Nel primo caso bottiglie, lavori mediocri, lavanderie a gettoni, bottiglie, tribunali, bottiglie, figli, bottiglie. Poi finalmente l’addio all’alcool.
Nel secondo il sud degli Stati Uniti, poi il Sud degli Stati Uniti, una capatina qui e là per studiare, o per tenere una conferenza, viaggi in Europa (Lourdes e Roma). Sud degli Stati Uniti.
C’è di meglio.

Conosco un mucchio di gente che davvero ha combinato di più. Però non importa. Diciamo che d’un tratto (più o meno) l’autore ha una specie di rivelazione; no, non ci siamo come definizione. Forse sarebbe più indicato scrivere: esperienza. Costui o costei fa un’esperienza, o due, ma nulla di eccezionale. Non bisogna immaginarsi chissà che cosa. Magari la medesima esperienza vissuta da un altro, condurrà a un esito differente. Nessuno più dire che se capita questo allora… Troppe le variabili, sul serio.

Qualunque sia la molla, o il motore, si può star certi che alla fine se esiste del talento, è da quello che è successo che si trarrà la linfa per le proprie storie. Qualcuno ha detto (non qualcuno: Scott Fitzgerald), che alla fine si tratta di imparare bene il mestiere, e ripetere. Dopo un po’ la gente si ferma ad ascoltare.
Quindi si tratta di sfiancare il lettore?

No.

Esiste il rischio di scambiare chi racconta storie con uno spot pubblicitario, che martella il pubblico sino a sfiancarlo, ma non è questo il caso. Si tratta semplicemente di restare fedeli a una specie di dovere. È pericoloso scrivere questo genere di cose perché in Italia c’è qualche milione di persone persuasa di avere appunto questo dovere (o missione?).

Però diciamo che c’è del talento. Poi succede qualcosa: un dolore o una gioia. Del tutto misteriosamente, tutto quello che verrà dopo (se si tratta di narrativa), bene o male parlerà di quell’esperienza e a quell’esperienza. Forse la storia che si scrive (racconto o romanzo che sia), è prima di tutto una conversazione che si intrattiene tra sé stessi, e quell’altro sé stesso imprigionato in quegli anni distanti. Forse si parla a quel dolore, o gioia, e nel secondo caso lo si fa perché non si spenga, nel primo affinché si cheti.

Affinché morda di meno.
Ma queste sono faccende personali, e si dovrebbe evitare di essere troppo curiosi.
C’è una certa fedeltà a temi, o meglio: a un’atmosfera. Un ambiente preciso che cambia veste, colore, collocazione, ma a ben guardare resta sempre lì. Dietro le quinte magari.
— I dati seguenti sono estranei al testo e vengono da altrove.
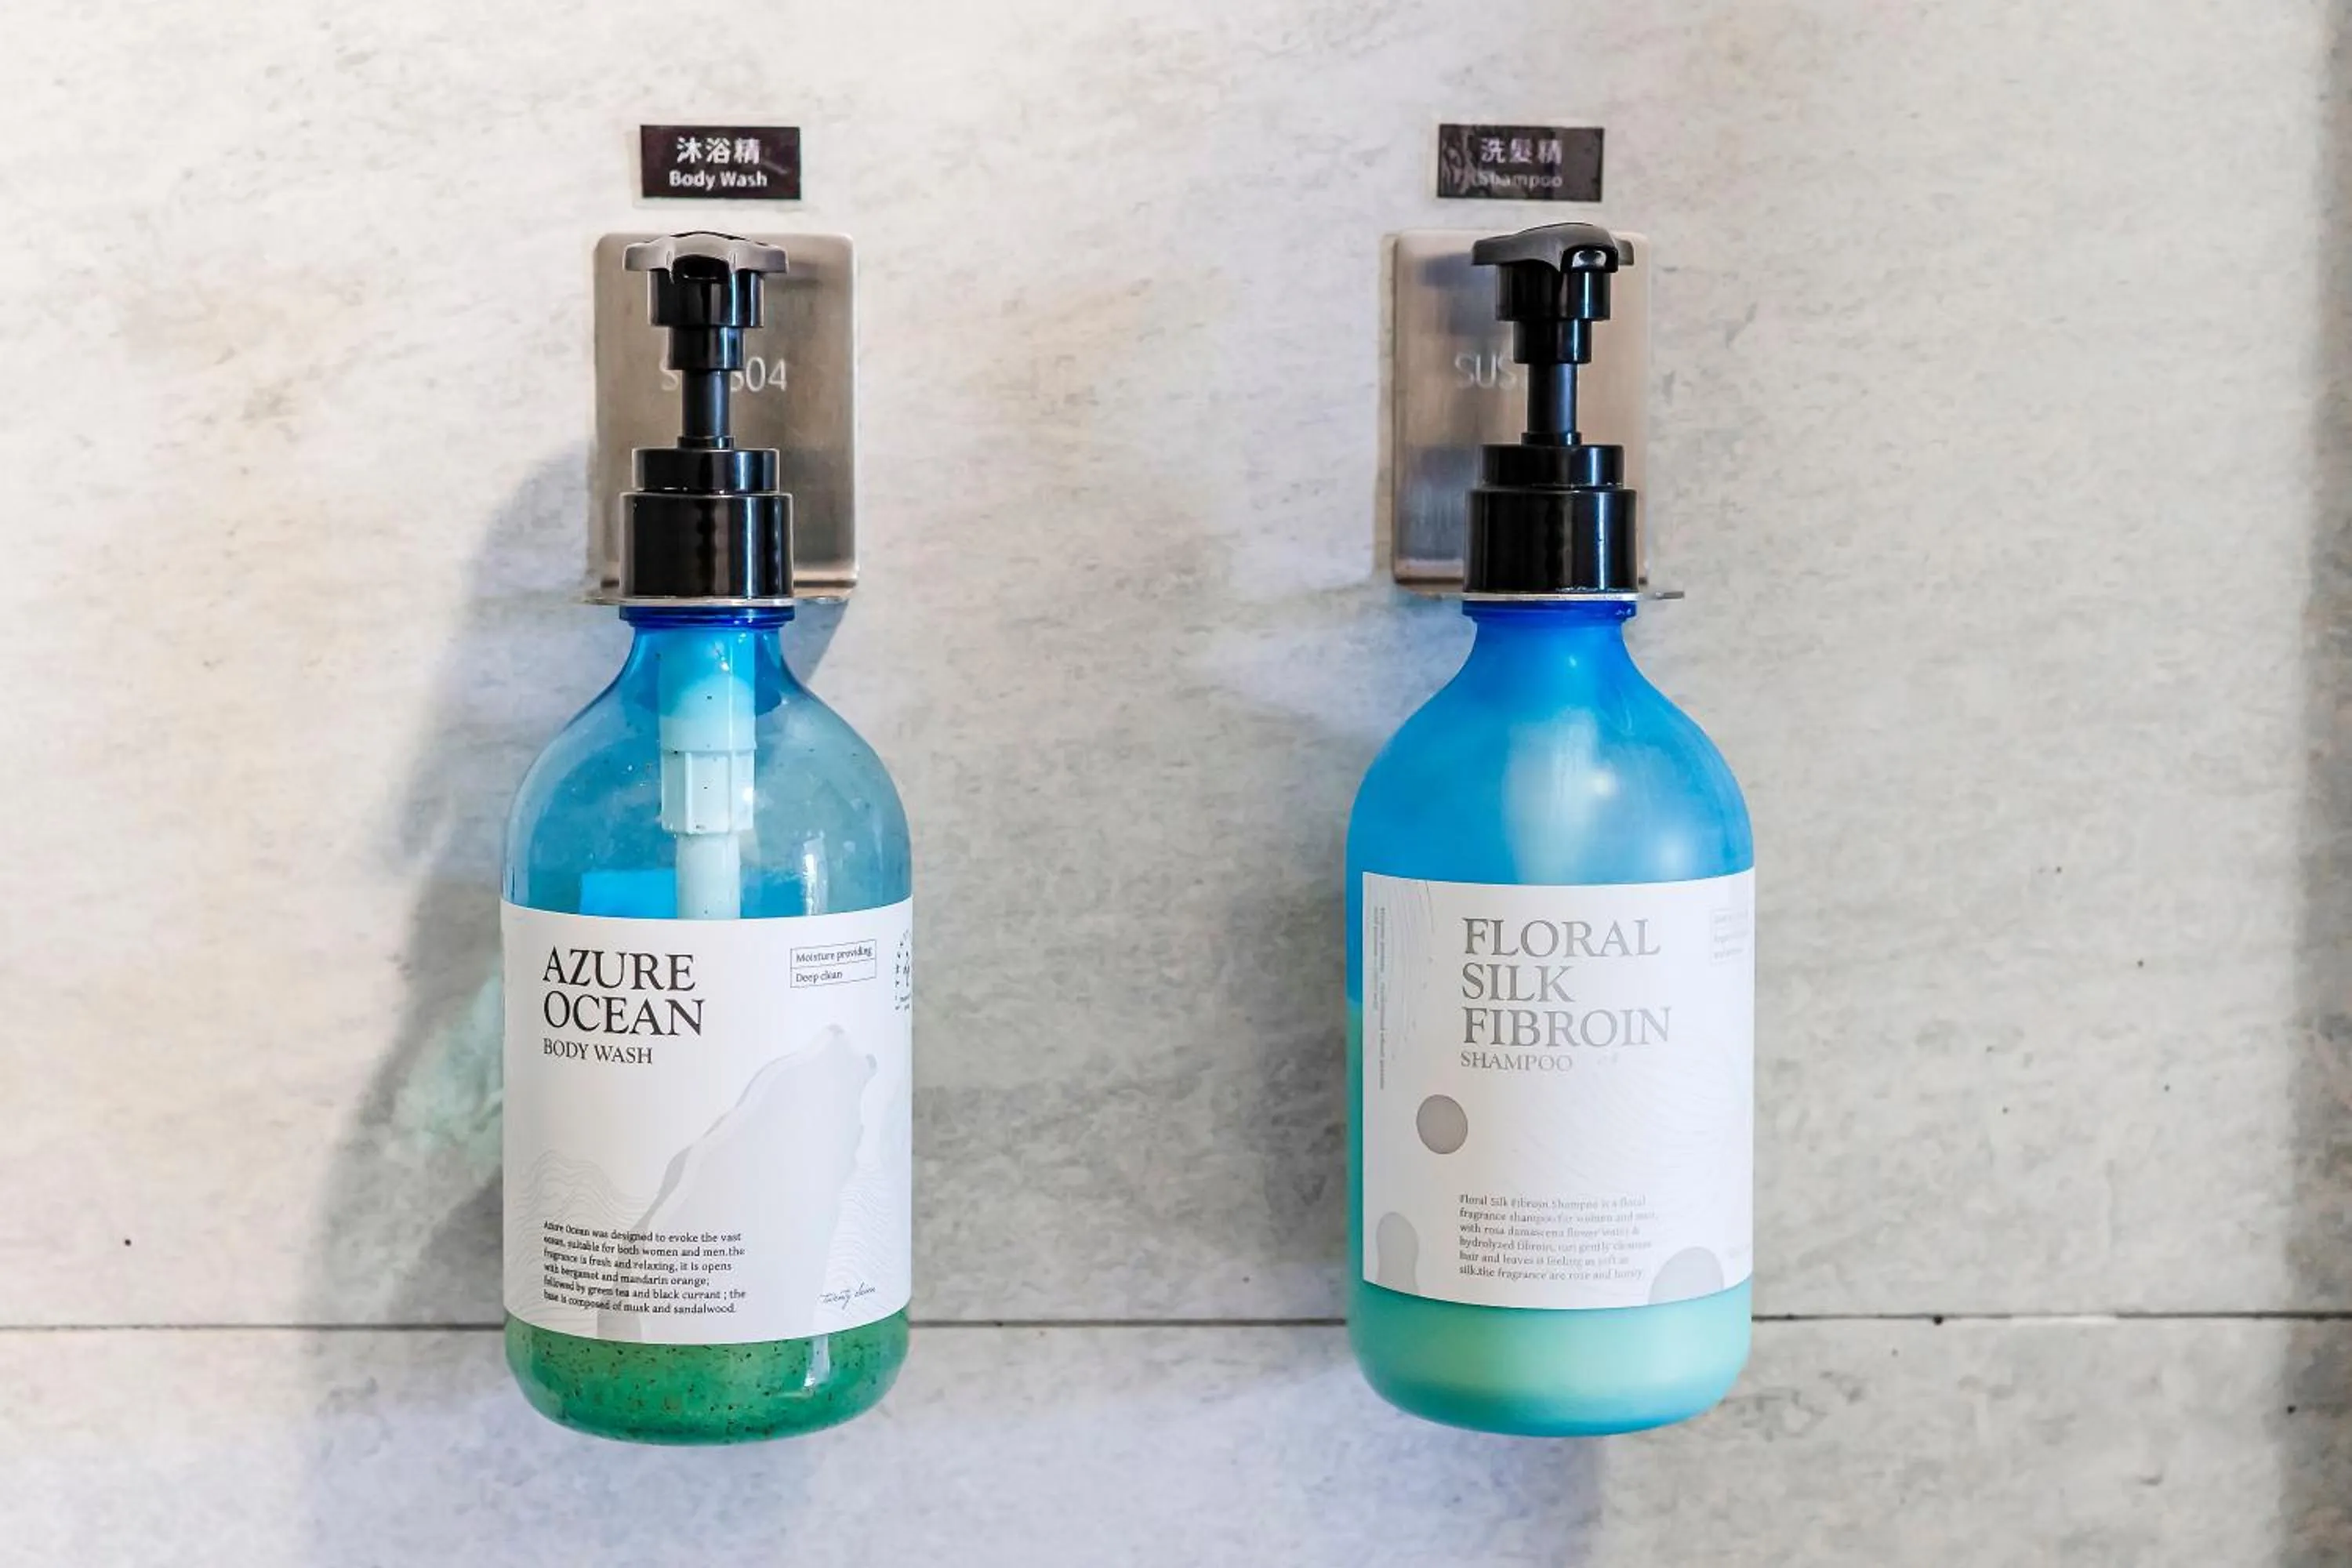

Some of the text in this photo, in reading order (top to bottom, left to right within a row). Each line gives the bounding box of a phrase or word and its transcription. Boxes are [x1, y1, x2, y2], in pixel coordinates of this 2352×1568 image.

[677, 136, 760, 164] 沐浴精
[669, 169, 768, 191] Body Wash
[1478, 171, 1563, 189] Shampoo
[1454, 352, 1526, 390] SUS
[1462, 917, 1661, 957] FLORAL
[796, 946, 873, 963] Moisture providing
[542, 945, 696, 992] AZURE
[796, 971, 843, 983] Deep clean
[1462, 962, 1575, 1003] SILK
[544, 990, 704, 1036] OCEAN
[1462, 1006, 1671, 1047] FIBROIN
[543, 1038, 653, 1065] BODY WASH
[1461, 1051, 1573, 1072] SHAMPOO
[1460, 1194, 1487, 1206] Floral
[1490, 1196, 1507, 1207] Silk
[1460, 1207, 1505, 1221] fragrance
[1615, 1210, 1633, 1221] and
[543, 1221, 563, 1232] Azure
[565, 1225, 590, 1236] Ocean
[612, 1229, 653, 1242] designed
[655, 1233, 666, 1242] to
[668, 1232, 699, 1242] evoke
[701, 1232, 717, 1242] the
[720, 1232, 741, 1241] vast
[1460, 1224, 1480, 1232] with
[567, 1240, 599, 1252] suitable
[601, 1243, 615, 1253] for
[618, 1243, 639, 1254] both
[681, 1246, 700, 1256] and
[1460, 1236, 1515, 1250] hydrolyzed
[543, 1247, 731, 1273] fragrance is fresh and relaxing, it is opens
[1460, 1250, 1479, 1261] hair
[1482, 1253, 1499, 1262] and
[1504, 1254, 1534, 1264] leaves
[543, 1264, 559, 1273] with
[561, 1265, 598, 1280] bergamot
[602, 1272, 618, 1282] and
[620, 1275, 668, 1284] mandarin
[1498, 1268, 1546, 1282] fragrance
[1593, 1269, 1611, 1279] and
[543, 1275, 574, 1290] followed
[575, 1282, 585, 1294] by
[588, 1287, 613, 1296] green
[615, 1288, 630, 1298] tea
[633, 1289, 650, 1298] and
[652, 1289, 679, 1299] black
[729, 1290, 746, 1299] the
[561, 1294, 566, 1303] is
[568, 1297, 610, 1310] composed
[612, 1301, 622, 1311] of
[623, 1302, 650, 1312] musk
[652, 1303, 670, 1312] and
Charles Dickens. Qui è facile vero, individuare cosa c’è stato in questo scrittore di tanto potente da accompagnarlo fino alla fine dei suoi giorni? Il trauma di un’infanzia terribile. Però c’è stata, credo, una specie di evoluzione. Ai suoi lettori, Dickens offriva bambini che frignavano (era lui che frignava, in prigione a causa dei debiti del padre).

Però i suoi romanzi più riusciti mettono in scena il crimine del singolo, e la violenza pubblica. Forse quel dolore, gli ha spalancato le porte sul resto, e buona parte della sua produzione offrirà bimbi sfortunati, e personaggi gotici e persino grotteschi. E memorabili.
Più o meno la stessa storia, giusto?

Però leggere “Casa desolata” non impedisce di avvicinarsi a “Il nostro comune amico”. Eppure, che ci sarà mai di così differente? Di tanto nuovo? Tutto deve essere rinnovato per riuscire a raccontare la solita storia, ma nel modo migliore.
Come si fa? Difficile da rispondere. Per questo pochi sono davvero bravi. La maggior parte, scribacchia…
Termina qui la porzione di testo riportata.